Content starts

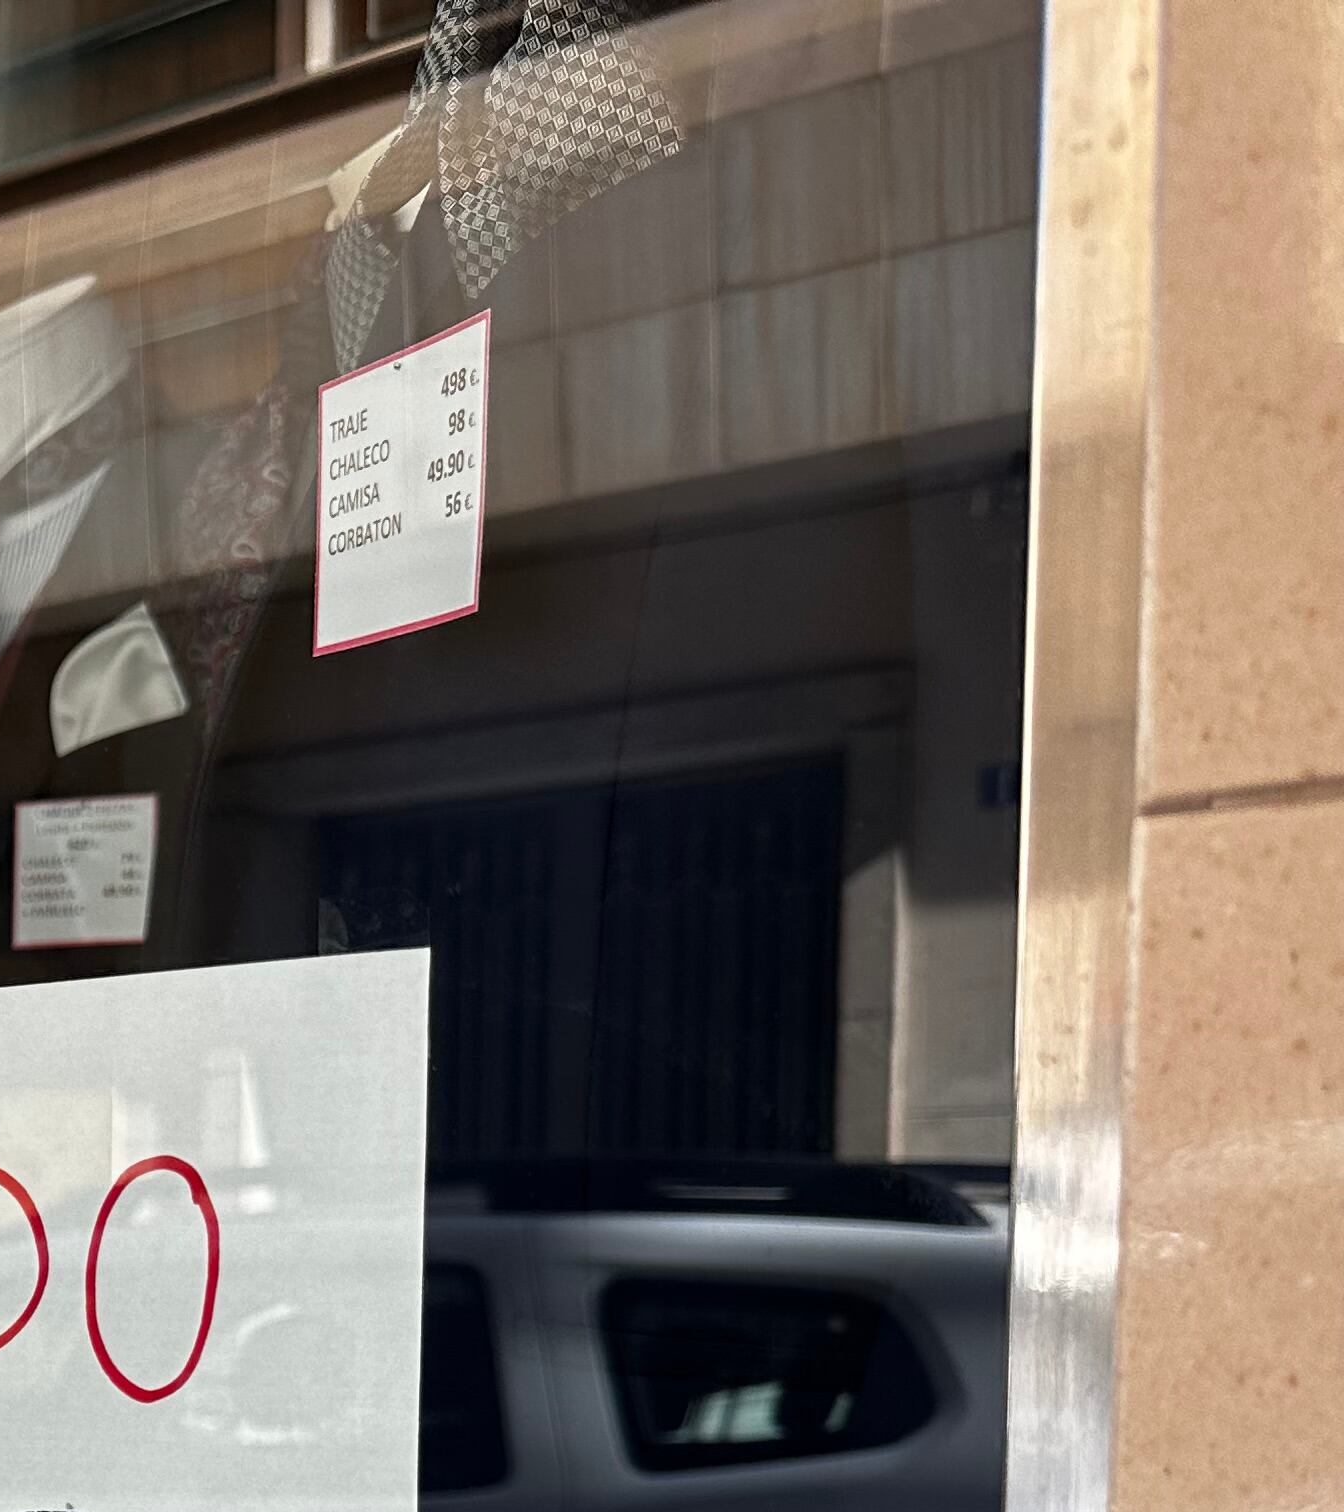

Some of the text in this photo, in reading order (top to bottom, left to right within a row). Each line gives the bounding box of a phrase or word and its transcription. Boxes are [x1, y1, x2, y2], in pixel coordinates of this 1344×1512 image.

[329, 407, 369, 444] TRAJE
[440, 367, 468, 399] 498
[329, 438, 391, 481] CHALECO
[448, 407, 467, 437] 98
[328, 482, 382, 520] CAMISA
[426, 449, 465, 483] 49.90
[327, 511, 403, 557] CORBATON
[444, 490, 463, 518] 56
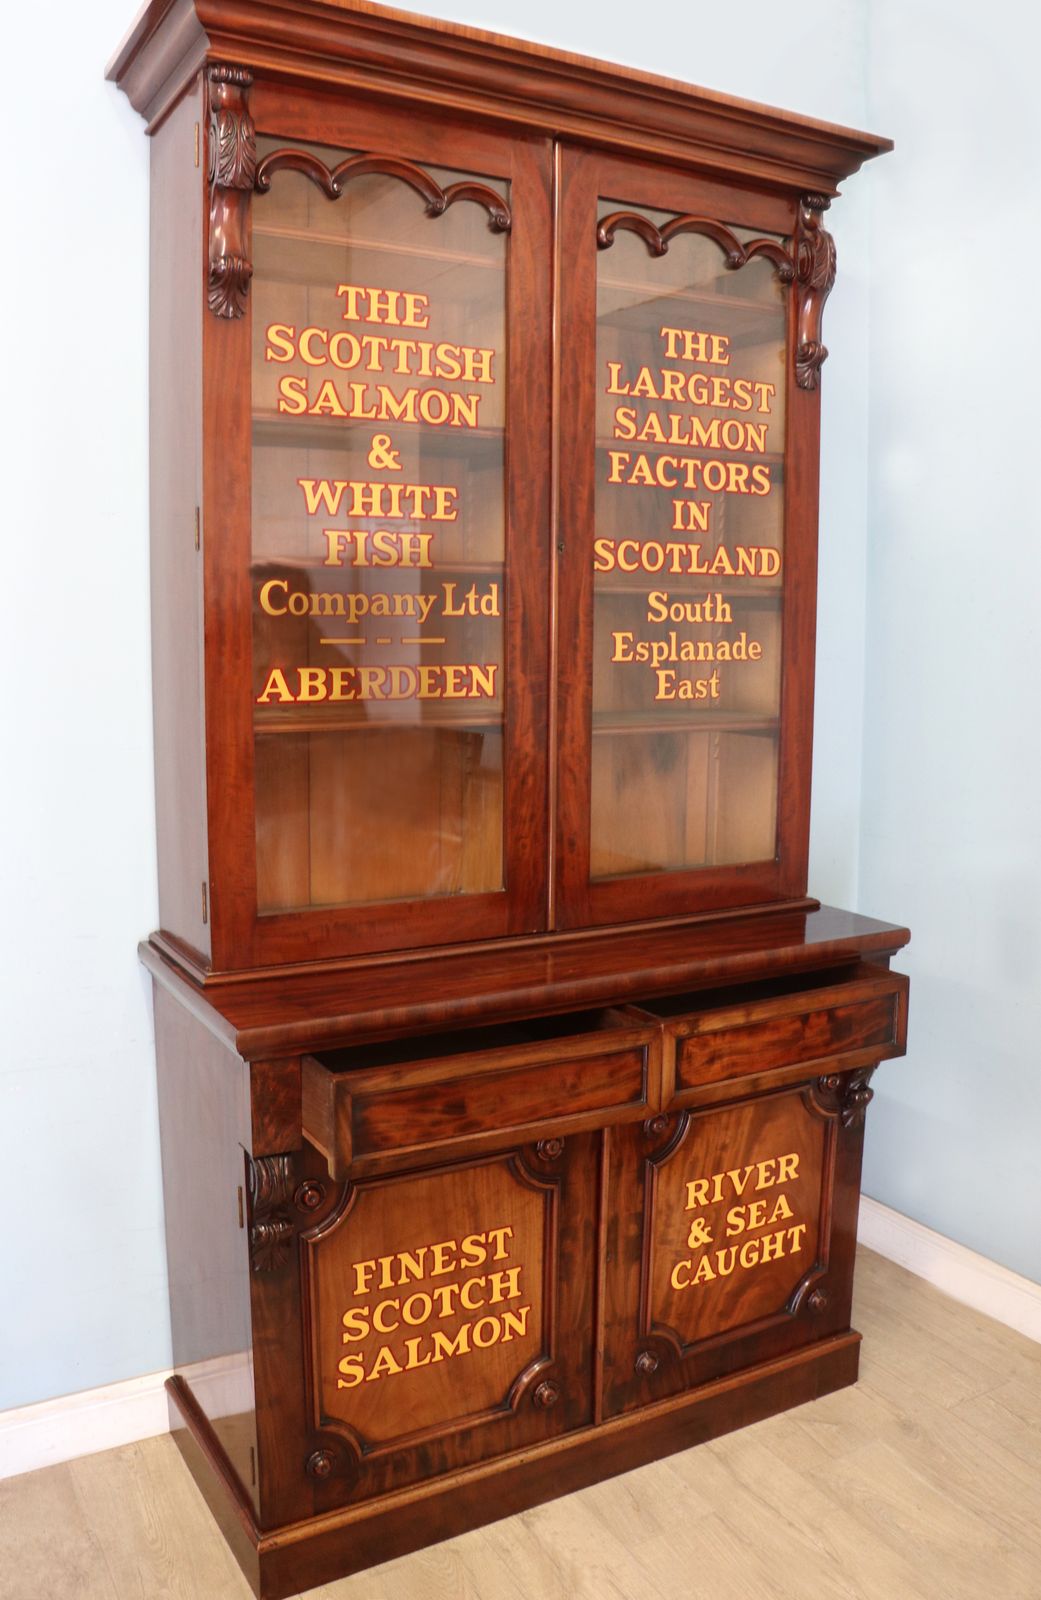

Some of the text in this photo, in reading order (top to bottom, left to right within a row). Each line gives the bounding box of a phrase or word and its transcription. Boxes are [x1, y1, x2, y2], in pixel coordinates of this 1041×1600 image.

[336, 283, 431, 329] THE
[265, 323, 494, 383] SCOTTISH
[660, 327, 730, 365] THE
[279, 376, 480, 428] SALMON
[607, 362, 776, 414] LARGEST
[367, 434, 402, 470] &
[613, 407, 768, 452] SALMON
[607, 452, 771, 496] FACTORS
[298, 479, 460, 521] WHITE
[672, 499, 711, 532] IN
[324, 529, 434, 568] FISH
[593, 539, 781, 577] SCOTLAND
[259, 579, 501, 624] Company Ltd
[646, 591, 733, 623] South
[611, 631, 762, 668] Esplanade
[256, 664, 498, 704] ABERDEEN
[655, 670, 720, 700] East
[685, 1153, 800, 1211] RIVER
[686, 1193, 794, 1249] & SEA
[351, 1226, 513, 1296] FINEST
[670, 1224, 807, 1291] CAUGHT
[342, 1267, 523, 1344] SCOTCH
[337, 1306, 531, 1390] SALMON
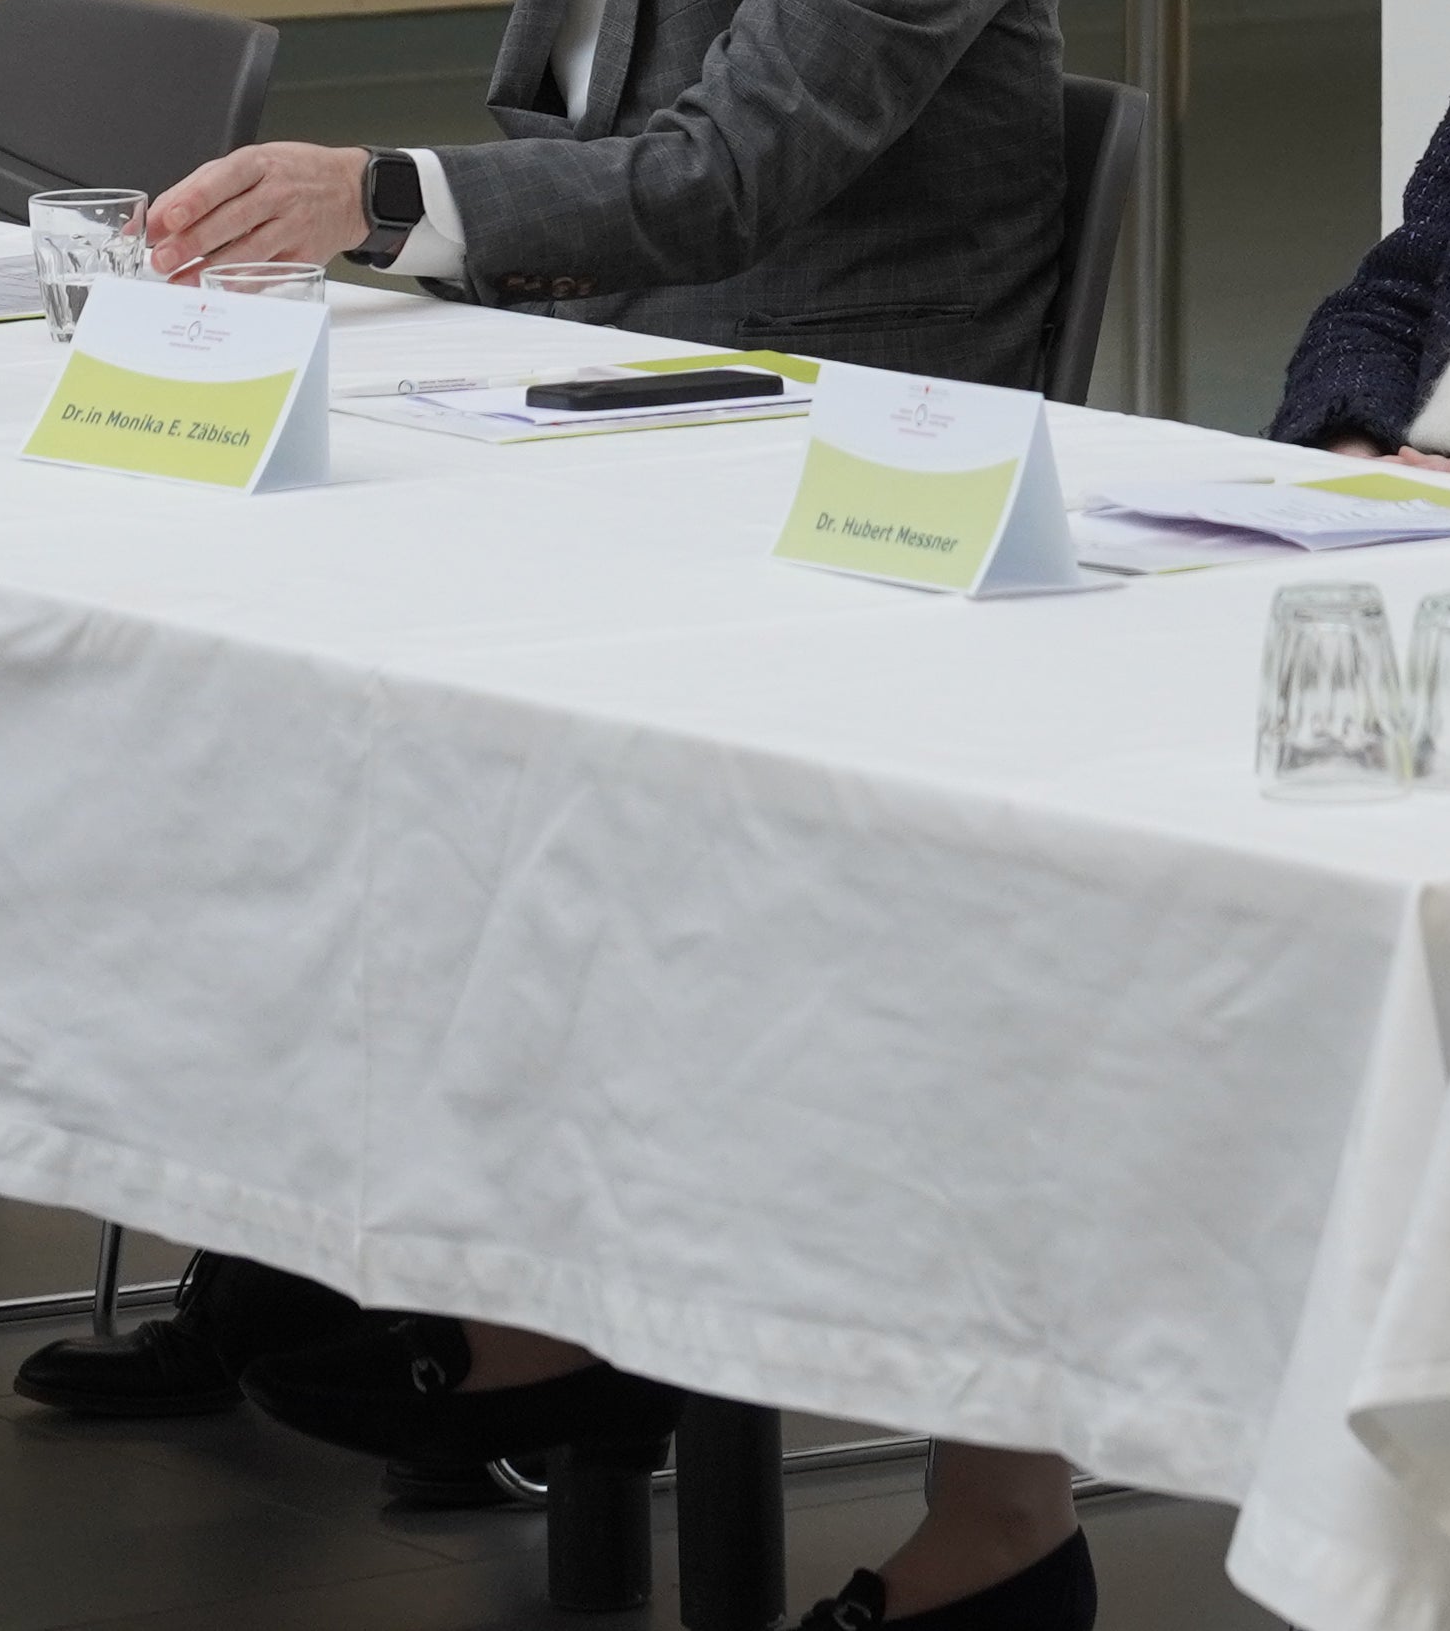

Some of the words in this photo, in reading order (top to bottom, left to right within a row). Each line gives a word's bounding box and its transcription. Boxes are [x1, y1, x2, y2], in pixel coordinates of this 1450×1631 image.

[61, 404, 101, 426] Dr.in
[106, 411, 163, 435] Monika
[168, 420, 181, 437] E.
[187, 422, 250, 448] Zäbisch
[816, 512, 835, 533] Dr.
[842, 517, 893, 542] Hubert
[896, 527, 958, 552] Messner

Content ends

### [Work to complete]
Your task is to set down the records shown above exactly, minus any pictures.

### [Reply]
Some of the text in this photo, in reading order (top to bottom, left to right within a row). Each line gives the bounding box of a phrase or word and its transcription. Boxes are [x1, y1, x2, y2], in pixel coordinates of this 1344×1512 image.

[329, 407, 369, 444] TRAJE
[440, 367, 468, 399] 498
[329, 438, 391, 481] CHALECO
[448, 407, 467, 437] 98
[328, 482, 382, 520] CAMISA
[426, 449, 465, 483] 49.90
[327, 511, 403, 557] CORBATON
[444, 490, 463, 518] 56

Some of the text in this photo, in reading order (top to bottom, left to right within a row). Each line gives the bounding box of a phrase or word and its transcription. Boxes are [x1, y1, x2, y2], in pixel coordinates of this 1041×1600 image.

[336, 283, 431, 329] THE
[265, 323, 494, 383] SCOTTISH
[660, 327, 730, 365] THE
[279, 376, 480, 428] SALMON
[607, 362, 776, 414] LARGEST
[367, 434, 402, 470] &
[613, 407, 768, 452] SALMON
[607, 452, 771, 496] FACTORS
[298, 479, 460, 521] WHITE
[672, 499, 711, 532] IN
[324, 529, 434, 568] FISH
[593, 539, 781, 577] SCOTLAND
[259, 579, 501, 624] Company Ltd
[646, 591, 733, 623] South
[611, 631, 762, 668] Esplanade
[256, 664, 498, 704] ABERDEEN
[655, 670, 720, 700] East
[685, 1153, 800, 1211] RIVER
[686, 1193, 794, 1249] & SEA
[351, 1226, 513, 1296] FINEST
[670, 1224, 807, 1291] CAUGHT
[342, 1267, 523, 1344] SCOTCH
[337, 1306, 531, 1390] SALMON

Some of the words in this photo, in reading order (top to bottom, left to right within a row). Each line gives a word's bounding box and its transcription. Boxes are [x1, y1, x2, y2], in pixel coordinates of this 1450×1631 image.

[61, 404, 101, 426] Dr.in
[106, 411, 163, 435] Monika
[168, 420, 181, 437] E.
[187, 422, 250, 448] Zäbisch
[816, 512, 835, 533] Dr.
[842, 517, 893, 542] Hubert
[896, 527, 958, 552] Messner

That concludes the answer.